Indoor Location Technology Comes to the IoT

Using ultra-wideband wireless, any item can be located to a level of pinpoint precision that’s never before been possible.

Charles Murray

May 25, 2016

4 Min Read
Indoor Location Technology Comes to the IoT

At a recent meeting of the National Association of Basketball Coaches in Houston, visiting engineers provided an unexpected lesson in the Internet of Things (IoT).

Using handfuls of wireless transceiver chips, the engineers showed coaches how to breathe life into leather basketballs and canvas gym shoes, enabling those previously inanimate objects to identify their own locations; in some cases, down to the inch. By doing so, the engineers explained, coaches could now apply a unique form a sabermetrics to their profession.

“With this technology, we now know where the ball is, where the hoop is, and where the players are,” said Lori Geri, chief marketing officer of ShotTracker, which demonstrated the technology for the coaches. “So we can capture and gather statistics beyond anything that’s been done before.”

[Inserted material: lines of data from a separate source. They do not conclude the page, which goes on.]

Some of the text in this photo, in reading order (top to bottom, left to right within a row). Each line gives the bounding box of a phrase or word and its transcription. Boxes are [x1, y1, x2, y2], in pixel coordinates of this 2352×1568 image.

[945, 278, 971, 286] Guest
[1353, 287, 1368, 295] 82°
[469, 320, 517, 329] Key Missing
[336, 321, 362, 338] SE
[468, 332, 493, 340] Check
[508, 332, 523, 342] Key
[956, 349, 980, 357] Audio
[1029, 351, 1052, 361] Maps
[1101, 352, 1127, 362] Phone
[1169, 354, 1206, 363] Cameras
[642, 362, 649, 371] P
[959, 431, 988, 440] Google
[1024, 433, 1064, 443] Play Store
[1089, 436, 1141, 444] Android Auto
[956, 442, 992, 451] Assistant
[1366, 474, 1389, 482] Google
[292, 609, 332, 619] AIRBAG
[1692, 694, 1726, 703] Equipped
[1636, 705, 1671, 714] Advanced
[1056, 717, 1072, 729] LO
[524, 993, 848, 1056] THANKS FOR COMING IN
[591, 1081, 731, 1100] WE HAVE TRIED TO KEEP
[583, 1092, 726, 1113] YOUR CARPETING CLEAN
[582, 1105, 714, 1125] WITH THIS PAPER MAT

At the recent Consumer Electronics Show in Las Vegas, ShotTracker showed how its wireless basketball technology can be used to gather stats on shooting, dribbling, rebounding, turnovers, and player positioning. The company’s product, called ShotTracker Team, uses wireless tags on gym walls, ceilings, and in the rafters, as well as on players’ shoes and in the basketball itself.
(Source: ShotTracker)

Indeed, nothing like this has ever been done before, in basketball or virtually any other indoor activity. Suddenly, the art of global positioning has moved indoors. Using “micro-location” technologies, hospitals can now track infants, employees, elderly patients, wheelchairs, infusion pumps, and virtually anything else of value. Factories can track tools, pallets, robots, forklifts, and autonomous vehicles. And the aforementioned basketball coaches will now be able to gather stats on shooting, dribbling, passing, rebounding, defense, and player positioning, in games and practices, to a degree no one has imagined up to now.

Moreover, they can do it with pinpoint accuracy and in real time. “In real use-cases, customers have gotten to ±10 cm,” noted Toan Nguyen, head of sales for Quantitec GmbH, an indoor navigation specialist that has applied the technology in automated factories. “But we’ve also gotten ±1 cm and even better, in some cases.”

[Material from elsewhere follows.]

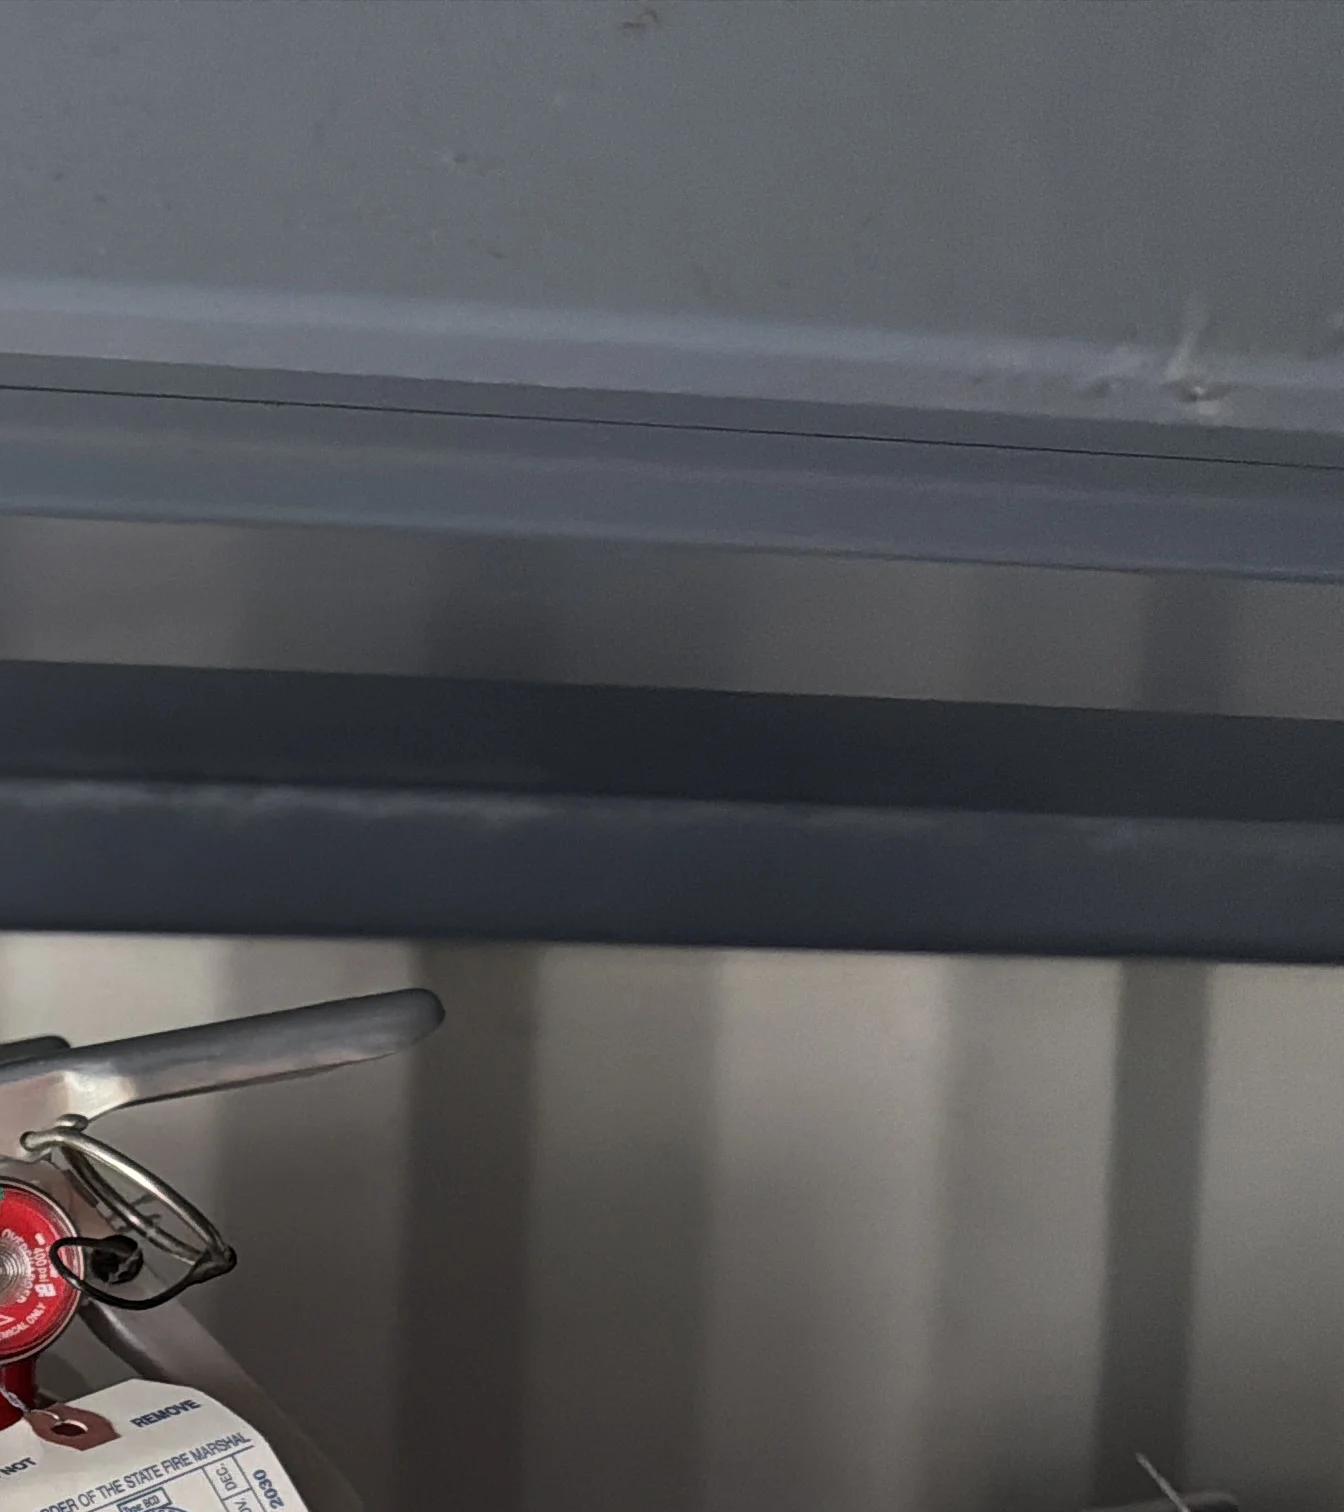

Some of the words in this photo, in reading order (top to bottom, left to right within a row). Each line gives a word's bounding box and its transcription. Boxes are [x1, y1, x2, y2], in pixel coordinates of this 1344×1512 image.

DecaWave’s DW1000 wireless transceiver is built on a 90-nm CMOS fabrication line and is mounted on a 6 mm x 6 mm QFN package. Power consumption is minuscule -- about 31 mA in transmit mode, 64 in receive.
(Source: DecaWave)

The Dawn of Ultra-Wideband

The key to the current surge of interest in indoor positioning is a wireless technology known as ultra-wideband (UWB). Ratified as part of IEEE’s 802.14.4a standard in 2011, UWB fills a need in the marketplace for a technology that offers precise positioning at low power, and it accomplishes it in settings that would be difficult or impossible for other technologies.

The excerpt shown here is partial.